PlayThe Associated Press

WATCH Bosnian war criminal drinks poison in court

    The lawyer for a former Croatian general who died after apparently swallowing cyanide at a war crimes hearing in the Netherlands said Tuesday he might have planned on taking his life long before that day.

    Nika Pinter told the Associated Press in an interview that Gen. Slobodan Praljak had asked his family not to be present at the trial hearing Wednesday and left "a letter back in 2012 or even earlier, saying or asking how his funeral has to be."

    "Nowadays, I can make some combination and conclusion that he had a plan in his head and that he wanted to protect his family of seeing something like that," she said, speaking in English. "But it's just my conclusion. I don't have any firm evidence for that."

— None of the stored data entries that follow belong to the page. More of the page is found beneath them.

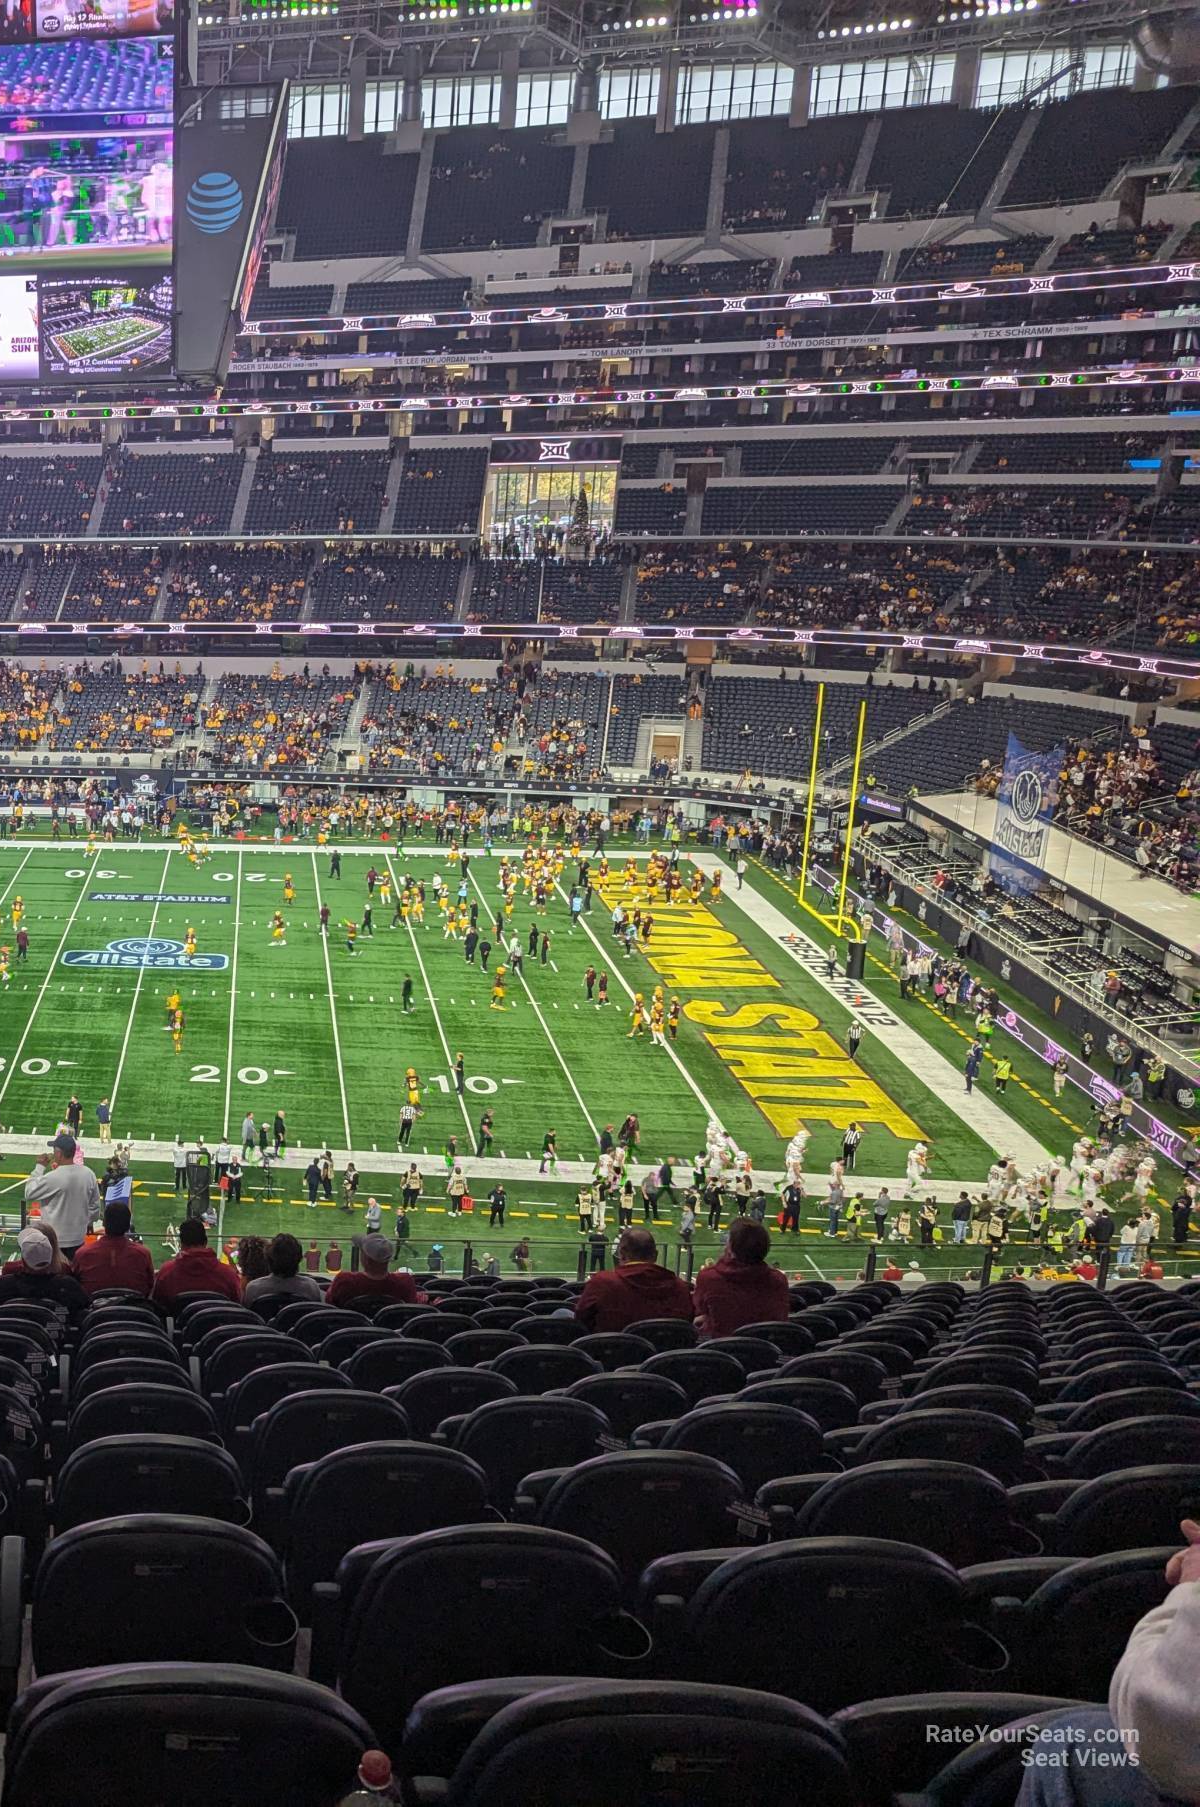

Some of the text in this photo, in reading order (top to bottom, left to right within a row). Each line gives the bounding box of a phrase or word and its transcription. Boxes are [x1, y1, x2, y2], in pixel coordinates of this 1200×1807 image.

[983, 328, 1001, 338] TEX
[1004, 327, 1053, 338] SCHRAMM
[780, 340, 802, 348] TONY
[806, 337, 848, 347] DORSETT
[11, 345, 31, 353] SUN
[610, 348, 643, 356] LANDRY
[91, 358, 132, 367] Conference
[406, 357, 419, 365] LEE
[437, 355, 466, 363] JORDAN
[232, 363, 256, 371] ROGER
[539, 441, 571, 460] XII
[64, 869, 120, 880] 30
[212, 872, 267, 883] 20
[91, 893, 227, 903] AT&T STADIUM
[1168, 943, 1184, 958] FORKS
[73, 952, 212, 966] Allstate
[825, 978, 882, 1010] THAN
[856, 1011, 899, 1027] 12
[189, 1064, 269, 1086] 20
[681, 998, 936, 1144] STATE
[428, 1073, 499, 1094] 10
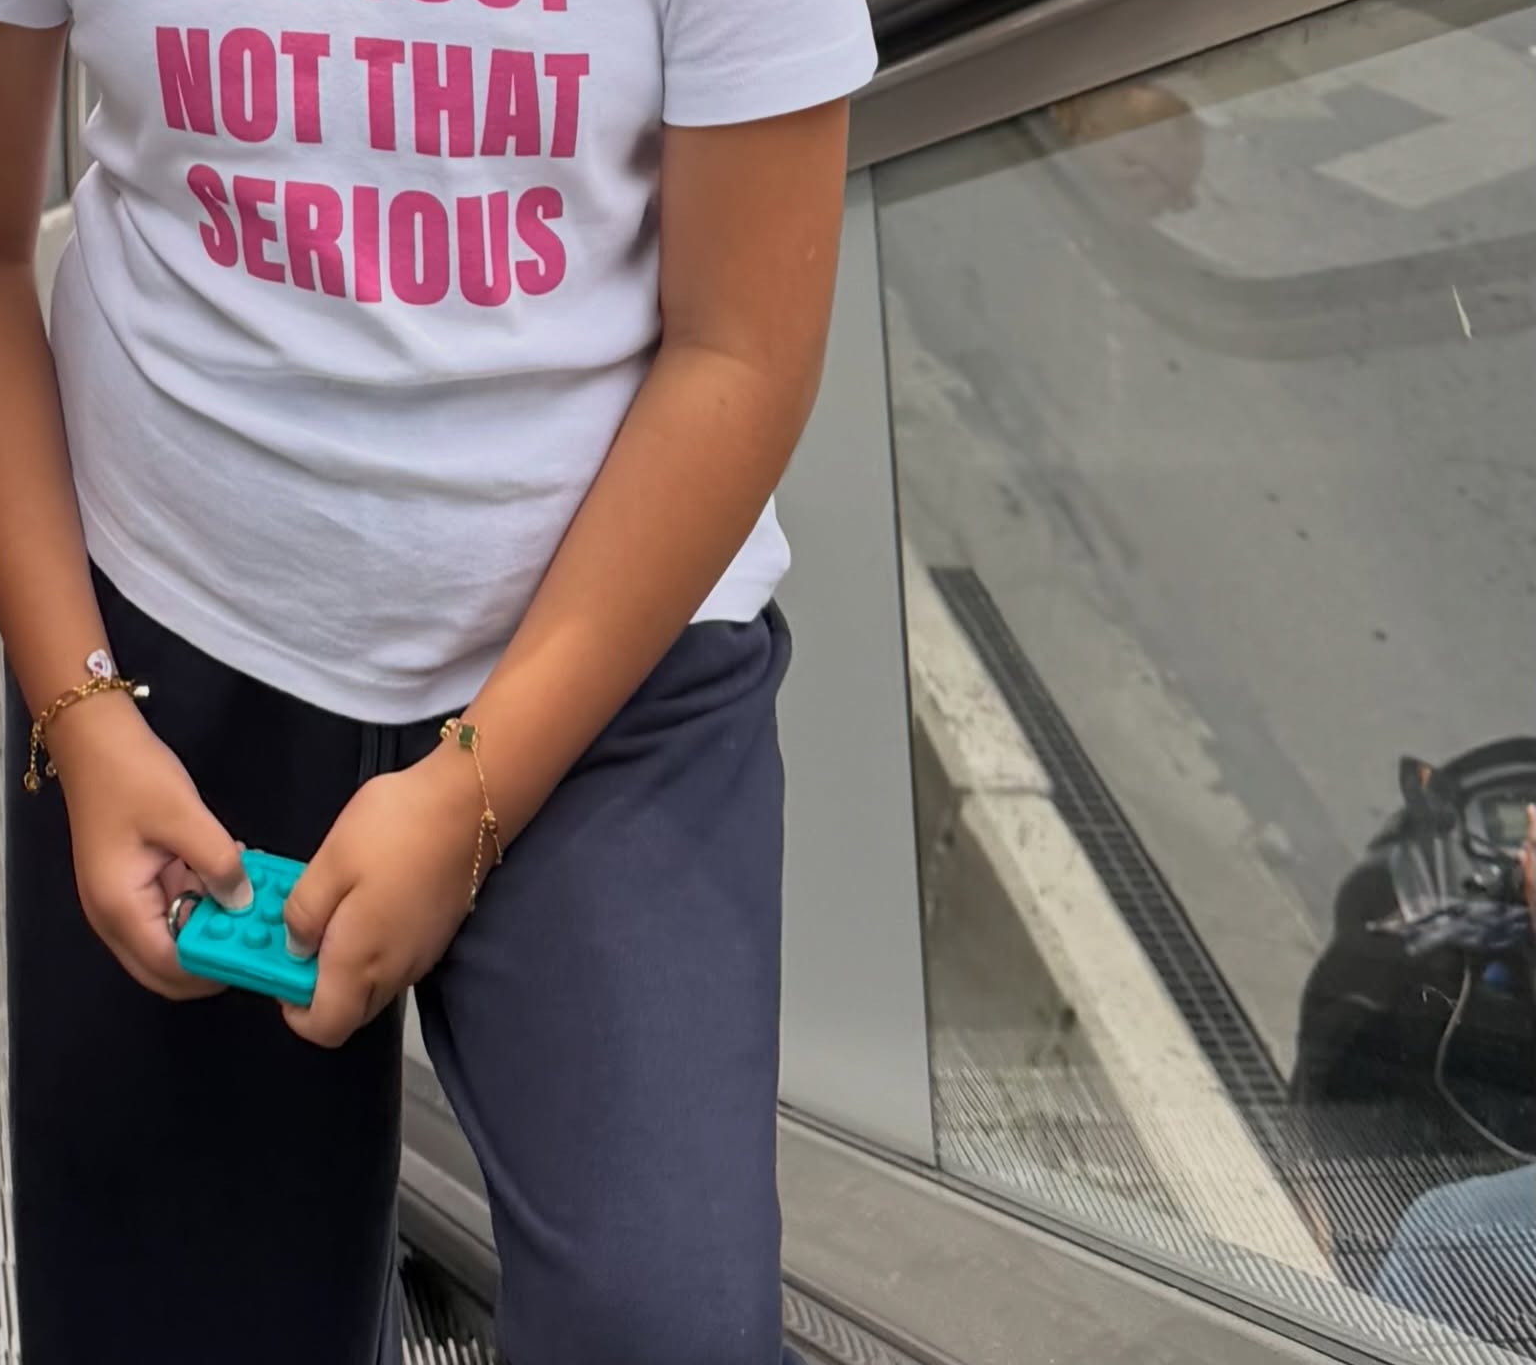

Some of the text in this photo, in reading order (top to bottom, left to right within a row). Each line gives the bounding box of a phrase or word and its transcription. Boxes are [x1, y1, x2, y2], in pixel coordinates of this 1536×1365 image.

[156, 27, 590, 158] NOT THAT
[186, 163, 566, 307] SERIOUS

    On Wednesday, Praljak drank from a small bottle that he said contained poison, seconds after an appeals judge at the U.N.'s International Criminal Tribunal for the former Yugoslavia confirmed his 20-year sentence for war crimes during the 1992-95 Bosnian war, including murder and deportation of Bosnian Muslims.

    Dutch prosecutors said after an autopsy he had cyanide in his system.

    Pinter said that Praljak killed himself because he could not accept living as a convicted war criminal.

    "At the very beginning when we started to work on this case, he told me: listen, for one minute I don't want to be a war criminal," she said.

    Pinter said she thought he meant that she should work hard to collect facts and evidence that he did not commit war crimes.

    "I really never, really never thought that he would do something like that," Pinter said, adding that after defending Praljak for 14 years in the tribunal, they became friends.

    "I know there is a judgment, I recognize the judgment but I don't respect the judgment," she said.

    The U.N. tribunal ordered an independent review of its internal operations following the death. The tribunal said its review was meant to complement the ongoing investigation of Praljak's death by Dutch prosecutors, including possible answers on how Praljak got the poison.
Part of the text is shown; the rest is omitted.